Decision time on Afghanistan is rapidly approaching. Security responsibilities will transfer to local forces at the end of next year and, in anticipation, President Obama just received final military options from our commander in theater and hosted a gritty planning session with his Afghan counterpart.
Behind the scenes in all these conversations is Sen. Richard Burr and a law he championed last fall.
In August the president signed a bill, sponsored by Burr, requiring the State Department to address whether the “Haqqani” branch of the Taliban deserved to be officially designated as a terrorist organization. Early in September, then-Secretary of State Hillary Clinton determined that it did.
Let’s be clear about one thing: Haqqani associates are terrorists whether they were given the technical label or not. Just a few items on their rap sheet are suicide-bombing a Kabul hotel, assaulting the U.S. embassy and kidnapping a New York Times reporter. Several of their senior leaders already were on the terrorist list.
The significance of this decision is not in the facts it acknowledged but rather in the effect it will have on how this war ends. At its simplest, the choice involves balancing military goals with trying to negotiate political terms.
Sanctioning the Haqqani network tightens the squeeze on its resources and ratchets up the pressure for it to quit the fight. Still, surrender is improbable because the network is fighting on its home turf and because so much of its financing continues to flow freely through unscrupulous partners on the black market.
Diplomacy is another path to conclude this fight – but now that involves looking across the table at formally named terrorists.
The exact effect Burr meant to have on decisions like these is unclear. One reason to push this legislation simply would be to formalize the commonly known fact that the Haqqanis are a terrorist group. Indeed, that explanation may be sufficient. Lawmakers sped this bill through the Senate and the House by acclamation even though they have widely varying positions on the war.
Burr has been forthright about his willingness to embrace confrontation, though. “By designating [the Haqqani network] a terrorist organization,” he declared, “we will be able to more effectively pursue them and go after their financial and property interests, improving stability and security in the region and across the world.”
Left unstated is how he feels about the diplomatic track – yet those opposed to it still can undercut those who favor it by levying the toxic accusation of “negotiating with terrorists.”
Of course, President Obama could have opted not to sign this bill, and Clinton could have made a different choice. Burr only helped bring their decisions. Any limitations the administration now faces ultimately have been self-imposed.
Certifying the Haqqanis as terrorists was surprising on one hand because the White House had already sat down with the Haqqani network, but less surprising on the other because previous rounds of talks went so poorly.
Clinton told the House Foreign Affairs Committee in October 2011 that, after an early meeting with the Haqqani network, “the answer was an attack on our embassy.” In light of that outcome, she responded “both” when asked by the committee chair whether our strategy was “crackdown or negotiate.” Implementing that strategy might have led the administration to cast members of Congress such as Burr in the “bad cop” role so that a sincere conversation with “good cop” diplomats looks more attractive.

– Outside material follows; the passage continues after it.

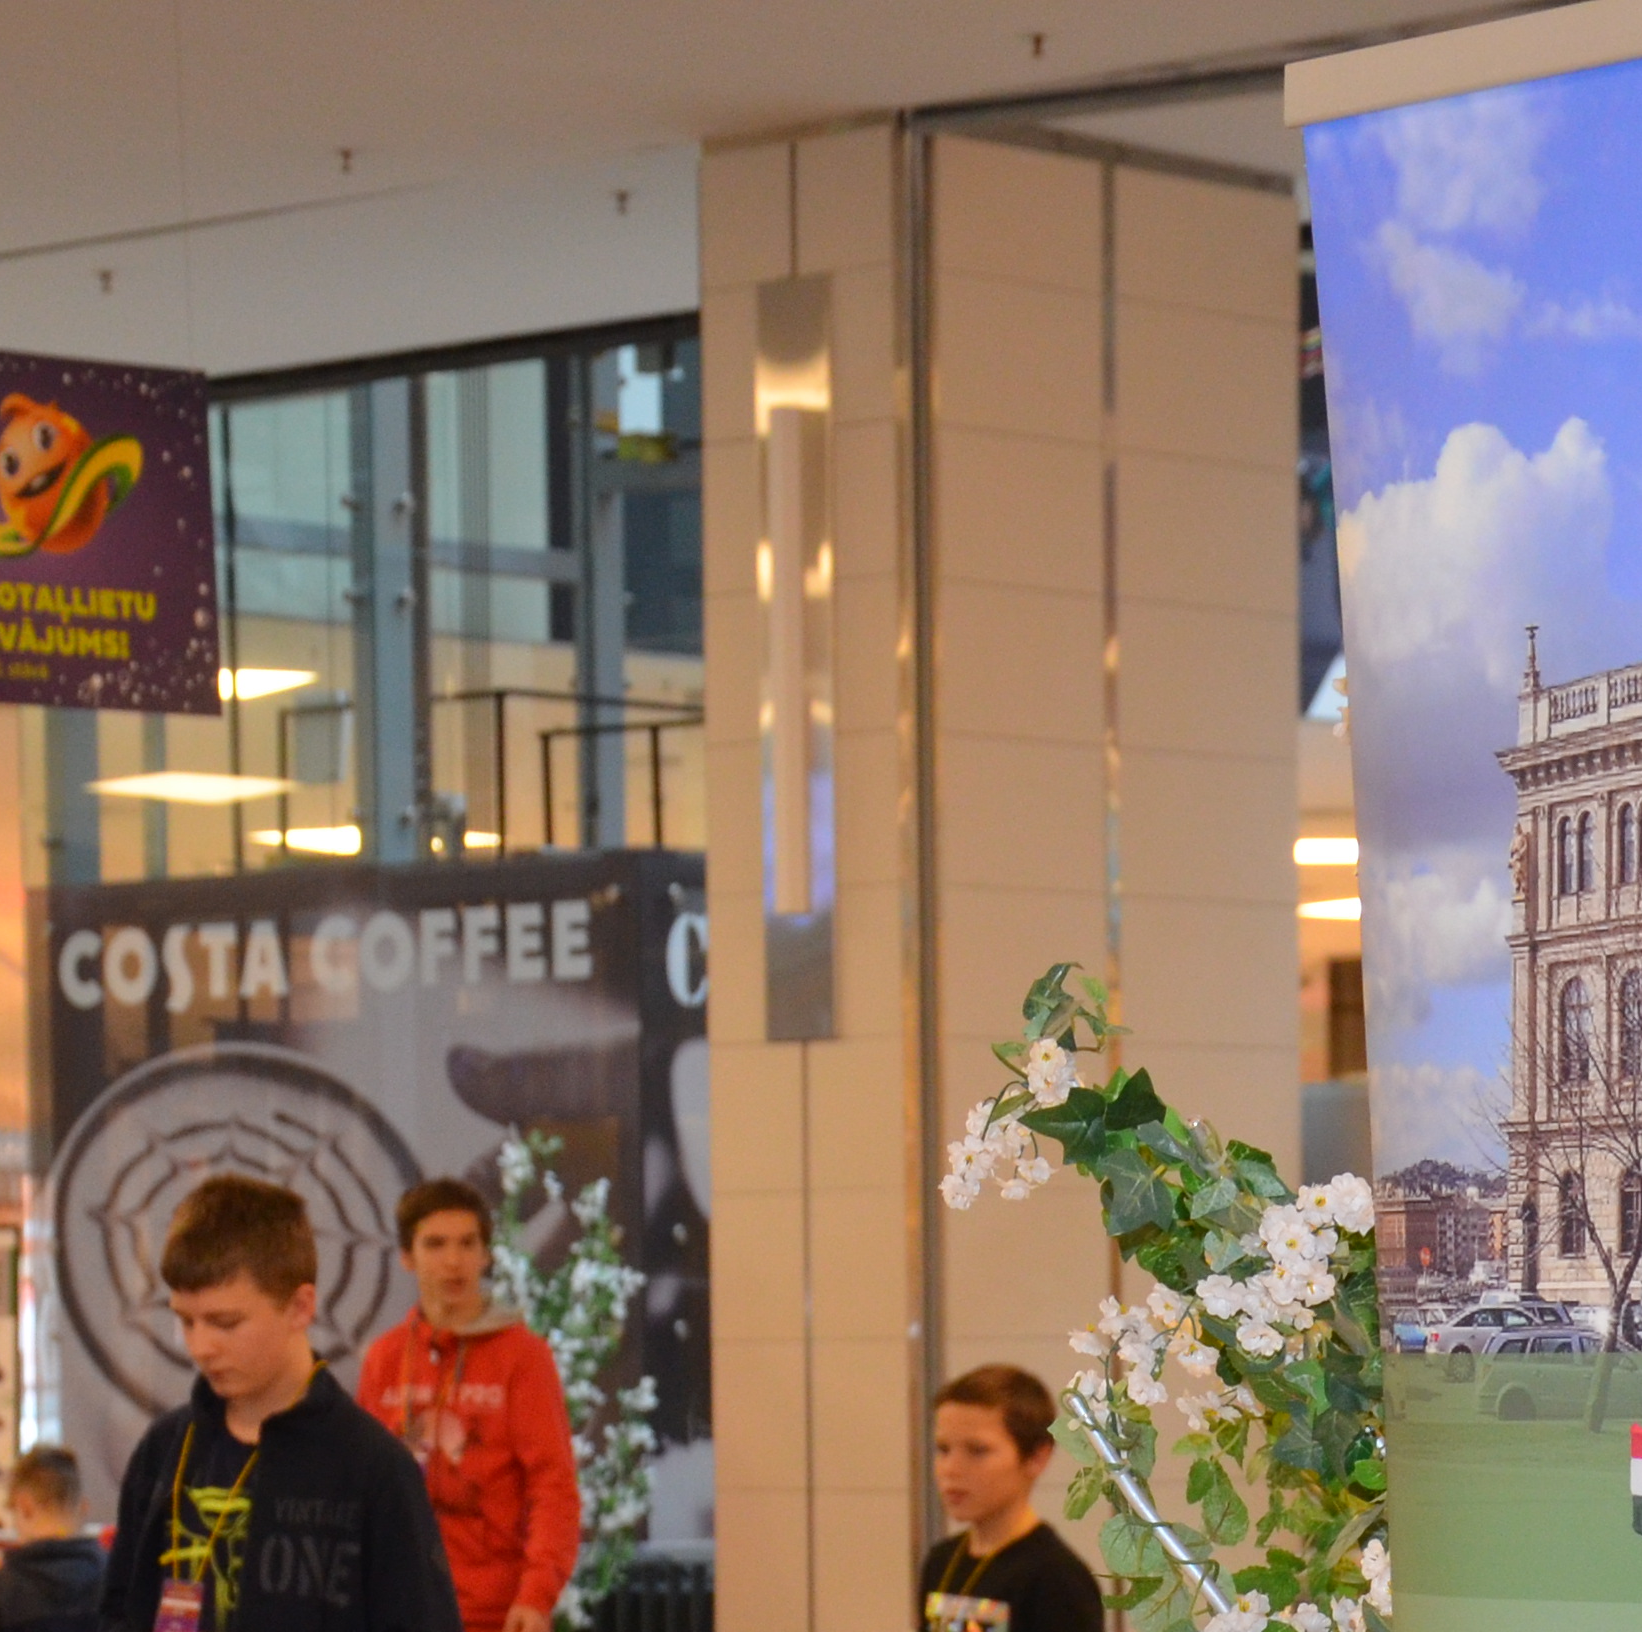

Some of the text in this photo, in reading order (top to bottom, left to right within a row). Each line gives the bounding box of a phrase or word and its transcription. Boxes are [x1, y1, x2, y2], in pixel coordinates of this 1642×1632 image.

[58, 898, 594, 1013] COSTA COFFEE
[260, 1534, 361, 1608] ONE

Also noteworthy is that this designation separates the Haqqani network from other offshoots of the Taliban that are not on the terror list. Splintering the Taliban weakens the syndicate as a whole while possibly strengthening those elements not subject to sanctions. From this perspective, degrading the Haqqani network could also serve to firm up the Taliban faction we want as a negotiating partner.
Either of these benefits may offset the political costs of “negotiating with terrorists” and help explain why the White House aligned itself with Burr’s position. At minimum, though, it is apparent that the administration doesn’t intend to let this new political obstacle interfere with negotiations.

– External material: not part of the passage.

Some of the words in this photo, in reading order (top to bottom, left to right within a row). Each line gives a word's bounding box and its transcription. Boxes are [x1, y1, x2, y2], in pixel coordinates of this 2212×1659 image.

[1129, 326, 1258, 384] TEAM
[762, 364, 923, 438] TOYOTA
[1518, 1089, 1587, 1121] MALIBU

In remarks to the media alongside the decision, a senior administration official emphasized that “the statute does not prohibit meetings or dialogue with members of a designated [foreign terrorist organization], so it does not prohibit talking at some future date. But reconciliation remains a key component of our strategy.”
So “crackdown and negotiate” likely framed Obama’s recent conversations about the plan for our long-term military commitment as well as for achieving our political goals. Burr’s bill pushed the White House to shift it that balance.
Yet both will remain parts of the strategy. After all, any administration would insist on taking the fight to the enemy and would also have to confront the necessity of negotiating when that enemy is so deeply entrenched.
Matthew Leatherman, a North Carolina native, is a freelance contributor on state-level international affairs.